The Basics of a Commercial Kitchen
It’s no surprise that the best commercial kitchens are designed to have components that help staff move around safely, more efficiently, and ultimately produce better food. When staff know where things are and have confidence in the equipment, then there can be no excuses for the production of the food and what comes out. As long as spaces are designed logically and equipment compartmentalized into the most logical areas (Eg ensuring ranges, fryers, grill, and ovens are located together and that food prep areas are similarly clustered) then staff can move about with purpose.
But herein lies the operative term – move about. Kitchens are notoriously hot, wet and potentially dangerous places. Chef’s move about with hot items in front of and behind others; line cooks slice and dice with razor sharp knives and cleaning teams are using suds and oils making things like glass slippery.
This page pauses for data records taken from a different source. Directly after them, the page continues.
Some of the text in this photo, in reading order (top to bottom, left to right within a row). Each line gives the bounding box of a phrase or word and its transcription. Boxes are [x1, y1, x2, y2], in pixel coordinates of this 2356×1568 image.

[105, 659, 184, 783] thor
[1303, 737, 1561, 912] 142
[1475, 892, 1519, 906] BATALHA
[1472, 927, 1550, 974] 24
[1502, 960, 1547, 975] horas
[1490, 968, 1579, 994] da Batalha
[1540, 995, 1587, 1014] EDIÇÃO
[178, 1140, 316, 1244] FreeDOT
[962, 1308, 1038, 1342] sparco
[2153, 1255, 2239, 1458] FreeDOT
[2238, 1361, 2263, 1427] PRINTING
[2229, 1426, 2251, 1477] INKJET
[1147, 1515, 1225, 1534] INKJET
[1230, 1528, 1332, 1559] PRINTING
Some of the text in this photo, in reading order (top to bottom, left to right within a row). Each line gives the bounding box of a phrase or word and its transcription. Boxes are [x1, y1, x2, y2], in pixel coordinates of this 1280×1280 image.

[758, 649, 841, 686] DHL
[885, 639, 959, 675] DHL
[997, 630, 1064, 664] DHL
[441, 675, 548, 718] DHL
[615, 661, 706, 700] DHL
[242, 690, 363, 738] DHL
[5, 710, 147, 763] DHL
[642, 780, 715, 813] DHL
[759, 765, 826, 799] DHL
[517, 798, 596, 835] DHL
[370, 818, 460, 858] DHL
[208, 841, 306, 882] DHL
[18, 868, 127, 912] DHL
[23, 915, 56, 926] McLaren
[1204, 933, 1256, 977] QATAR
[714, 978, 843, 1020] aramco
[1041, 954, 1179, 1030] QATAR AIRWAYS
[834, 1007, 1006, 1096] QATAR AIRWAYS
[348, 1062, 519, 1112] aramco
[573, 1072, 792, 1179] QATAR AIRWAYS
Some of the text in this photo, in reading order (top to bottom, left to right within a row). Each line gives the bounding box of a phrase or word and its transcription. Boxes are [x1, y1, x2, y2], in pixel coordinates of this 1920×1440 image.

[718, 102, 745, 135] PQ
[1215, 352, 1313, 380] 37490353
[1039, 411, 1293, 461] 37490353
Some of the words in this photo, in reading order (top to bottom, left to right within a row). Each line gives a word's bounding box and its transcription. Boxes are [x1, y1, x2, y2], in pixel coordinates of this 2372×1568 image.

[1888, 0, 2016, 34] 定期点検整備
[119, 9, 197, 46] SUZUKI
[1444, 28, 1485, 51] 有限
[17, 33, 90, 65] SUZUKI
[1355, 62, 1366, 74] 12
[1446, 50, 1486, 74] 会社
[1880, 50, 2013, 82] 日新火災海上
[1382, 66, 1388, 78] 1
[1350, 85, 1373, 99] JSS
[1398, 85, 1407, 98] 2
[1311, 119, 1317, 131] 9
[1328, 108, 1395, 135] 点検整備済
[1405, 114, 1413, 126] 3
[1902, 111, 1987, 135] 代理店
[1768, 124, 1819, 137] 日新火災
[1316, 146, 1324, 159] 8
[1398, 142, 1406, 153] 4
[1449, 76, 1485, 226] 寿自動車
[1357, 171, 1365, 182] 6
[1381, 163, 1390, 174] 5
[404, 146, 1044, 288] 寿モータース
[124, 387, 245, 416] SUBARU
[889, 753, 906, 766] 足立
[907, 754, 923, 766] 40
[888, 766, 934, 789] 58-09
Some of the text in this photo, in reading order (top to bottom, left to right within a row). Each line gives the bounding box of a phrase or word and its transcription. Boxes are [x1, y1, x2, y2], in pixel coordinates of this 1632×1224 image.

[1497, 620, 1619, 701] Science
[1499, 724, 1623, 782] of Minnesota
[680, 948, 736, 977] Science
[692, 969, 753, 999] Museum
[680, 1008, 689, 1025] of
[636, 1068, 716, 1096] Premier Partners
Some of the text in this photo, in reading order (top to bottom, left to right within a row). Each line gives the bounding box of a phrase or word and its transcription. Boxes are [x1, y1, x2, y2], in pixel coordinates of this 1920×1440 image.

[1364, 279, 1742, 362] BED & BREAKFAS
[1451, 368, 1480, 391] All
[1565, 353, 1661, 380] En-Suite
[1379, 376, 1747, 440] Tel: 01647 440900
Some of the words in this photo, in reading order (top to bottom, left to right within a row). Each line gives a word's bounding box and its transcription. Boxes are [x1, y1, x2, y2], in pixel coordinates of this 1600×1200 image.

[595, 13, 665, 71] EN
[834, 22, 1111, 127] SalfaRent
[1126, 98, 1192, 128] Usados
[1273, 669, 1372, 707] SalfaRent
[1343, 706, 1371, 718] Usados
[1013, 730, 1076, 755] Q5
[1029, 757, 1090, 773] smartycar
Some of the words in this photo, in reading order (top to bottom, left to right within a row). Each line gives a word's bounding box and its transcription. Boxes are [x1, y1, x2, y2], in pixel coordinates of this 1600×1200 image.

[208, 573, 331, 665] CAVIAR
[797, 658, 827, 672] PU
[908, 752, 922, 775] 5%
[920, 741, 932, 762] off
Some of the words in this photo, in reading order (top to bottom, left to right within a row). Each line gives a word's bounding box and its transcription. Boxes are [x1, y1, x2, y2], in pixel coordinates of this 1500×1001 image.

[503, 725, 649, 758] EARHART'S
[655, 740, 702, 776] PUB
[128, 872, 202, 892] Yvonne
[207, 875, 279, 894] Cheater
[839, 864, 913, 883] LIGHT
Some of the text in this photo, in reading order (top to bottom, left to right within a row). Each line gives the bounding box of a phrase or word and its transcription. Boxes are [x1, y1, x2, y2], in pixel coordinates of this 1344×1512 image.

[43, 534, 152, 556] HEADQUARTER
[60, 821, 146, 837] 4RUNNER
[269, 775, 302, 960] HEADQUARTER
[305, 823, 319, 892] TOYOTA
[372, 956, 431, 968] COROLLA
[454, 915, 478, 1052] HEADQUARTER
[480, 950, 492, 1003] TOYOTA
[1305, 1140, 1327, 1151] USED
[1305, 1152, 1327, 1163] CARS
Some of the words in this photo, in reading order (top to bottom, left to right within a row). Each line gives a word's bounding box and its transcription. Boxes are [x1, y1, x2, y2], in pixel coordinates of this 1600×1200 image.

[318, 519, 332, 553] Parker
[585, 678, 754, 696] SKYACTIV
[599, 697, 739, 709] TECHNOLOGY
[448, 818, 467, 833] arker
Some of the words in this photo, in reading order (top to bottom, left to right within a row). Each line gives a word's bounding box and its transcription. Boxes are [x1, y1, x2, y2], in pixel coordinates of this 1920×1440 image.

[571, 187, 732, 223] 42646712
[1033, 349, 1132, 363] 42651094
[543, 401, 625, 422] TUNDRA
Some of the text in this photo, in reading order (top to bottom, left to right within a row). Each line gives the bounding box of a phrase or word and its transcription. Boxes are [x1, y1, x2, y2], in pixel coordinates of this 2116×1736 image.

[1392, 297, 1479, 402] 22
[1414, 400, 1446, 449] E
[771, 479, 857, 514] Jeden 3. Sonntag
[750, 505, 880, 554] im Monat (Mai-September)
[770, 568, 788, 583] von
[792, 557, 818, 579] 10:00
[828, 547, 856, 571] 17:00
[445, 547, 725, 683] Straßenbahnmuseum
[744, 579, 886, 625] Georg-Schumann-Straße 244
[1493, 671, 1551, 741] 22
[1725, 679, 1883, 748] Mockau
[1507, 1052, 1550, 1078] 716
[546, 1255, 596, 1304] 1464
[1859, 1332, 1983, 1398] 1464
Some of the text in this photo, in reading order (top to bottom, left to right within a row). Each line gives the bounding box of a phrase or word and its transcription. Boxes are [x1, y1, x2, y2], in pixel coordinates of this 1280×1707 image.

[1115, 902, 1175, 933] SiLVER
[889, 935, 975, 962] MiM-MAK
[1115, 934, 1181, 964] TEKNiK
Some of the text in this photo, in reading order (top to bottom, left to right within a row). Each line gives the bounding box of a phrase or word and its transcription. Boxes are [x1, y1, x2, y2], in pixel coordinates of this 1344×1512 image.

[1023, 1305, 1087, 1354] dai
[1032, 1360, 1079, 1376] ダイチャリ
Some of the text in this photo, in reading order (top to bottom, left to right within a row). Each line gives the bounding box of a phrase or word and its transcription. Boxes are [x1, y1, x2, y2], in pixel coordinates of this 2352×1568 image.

Each of these core functions needs to have the peace of mind to know that when they are moving around, they are not going to slip.
Pointing the Spotlight at Flooring
Installing the right kind of commercial kitchen flooring is vital in the efficient production of food on the premises. Whilst never forgotten completely, the truth is, it is often down-weighted as a priority and addressed towards the end of a build to ensure compliance. Truth is though, if considered early the money spent on your flooring surface could be less than you think, and definitely save you money into the medium and long term – not only in maintenance costs, but with insurance, from slips or falls.
Based on the Australia New Zealand Food Standards Code Standard 3.2.3, restaurant kitchen flooring which includes the surfaces of “… kitchens, storerooms, coolrooms and to external areas where food is handled …”, shall be “… designed and constructed in a way that is appropriate for the activities conducted on the food premises, and must be “… able to be effectively cleaned, impervious to grease, food particles and water and do not provide harbourage for pests.”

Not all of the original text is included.